> Problem:
Exactly reproduce each record listed below.

> Source information:
Content starts

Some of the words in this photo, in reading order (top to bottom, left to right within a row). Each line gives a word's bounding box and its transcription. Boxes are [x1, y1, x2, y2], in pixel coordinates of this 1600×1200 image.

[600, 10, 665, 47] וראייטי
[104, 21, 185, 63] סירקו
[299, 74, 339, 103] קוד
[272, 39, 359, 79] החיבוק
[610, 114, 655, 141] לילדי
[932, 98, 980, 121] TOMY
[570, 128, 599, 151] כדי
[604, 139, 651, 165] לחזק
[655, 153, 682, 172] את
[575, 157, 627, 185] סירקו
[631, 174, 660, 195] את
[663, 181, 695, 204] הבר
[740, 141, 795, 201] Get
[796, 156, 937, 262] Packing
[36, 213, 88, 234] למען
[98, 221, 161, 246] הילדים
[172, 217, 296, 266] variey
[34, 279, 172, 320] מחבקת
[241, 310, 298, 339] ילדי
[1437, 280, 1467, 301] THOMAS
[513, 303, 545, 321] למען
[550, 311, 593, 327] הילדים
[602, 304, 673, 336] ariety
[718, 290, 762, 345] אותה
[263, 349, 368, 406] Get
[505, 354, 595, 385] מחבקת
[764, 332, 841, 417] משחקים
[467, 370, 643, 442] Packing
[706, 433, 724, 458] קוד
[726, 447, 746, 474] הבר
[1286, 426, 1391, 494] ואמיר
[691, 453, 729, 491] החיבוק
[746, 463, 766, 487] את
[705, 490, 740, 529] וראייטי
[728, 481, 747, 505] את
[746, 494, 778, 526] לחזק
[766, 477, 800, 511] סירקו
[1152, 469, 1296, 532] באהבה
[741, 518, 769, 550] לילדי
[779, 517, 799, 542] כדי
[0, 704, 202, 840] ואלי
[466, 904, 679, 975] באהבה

Content ends

> Solution:
Some of the words in this photo, in reading order (top to bottom, left to right within a row). Each line gives a word's bounding box and its transcription. Boxes are [x1, y1, x2, y2], in pixel coordinates of this 1600×1200 image.

[600, 10, 665, 47] וראייטי
[104, 21, 185, 63] סירקו
[299, 74, 339, 103] קוד
[272, 39, 359, 79] החיבוק
[610, 114, 655, 141] לילדי
[932, 98, 980, 121] TOMY
[570, 128, 599, 151] כדי
[604, 139, 651, 165] לחזק
[655, 153, 682, 172] את
[575, 157, 627, 185] סירקו
[631, 174, 660, 195] את
[663, 181, 695, 204] הבר
[740, 141, 795, 201] Get
[796, 156, 937, 262] Packing
[36, 213, 88, 234] למען
[98, 221, 161, 246] הילדים
[172, 217, 296, 266] variey
[34, 279, 172, 320] מחבקת
[241, 310, 298, 339] ילדי
[1437, 280, 1467, 301] THOMAS
[513, 303, 545, 321] למען
[550, 311, 593, 327] הילדים
[602, 304, 673, 336] ariety
[718, 290, 762, 345] אותה
[263, 349, 368, 406] Get
[505, 354, 595, 385] מחבקת
[764, 332, 841, 417] משחקים
[467, 370, 643, 442] Packing
[706, 433, 724, 458] קוד
[726, 447, 746, 474] הבר
[1286, 426, 1391, 494] ואמיר
[691, 453, 729, 491] החיבוק
[746, 463, 766, 487] את
[705, 490, 740, 529] וראייטי
[728, 481, 747, 505] את
[746, 494, 778, 526] לחזק
[766, 477, 800, 511] סירקו
[1152, 469, 1296, 532] באהבה
[741, 518, 769, 550] לילדי
[779, 517, 799, 542] כדי
[0, 704, 202, 840] ואלי
[466, 904, 679, 975] באהבה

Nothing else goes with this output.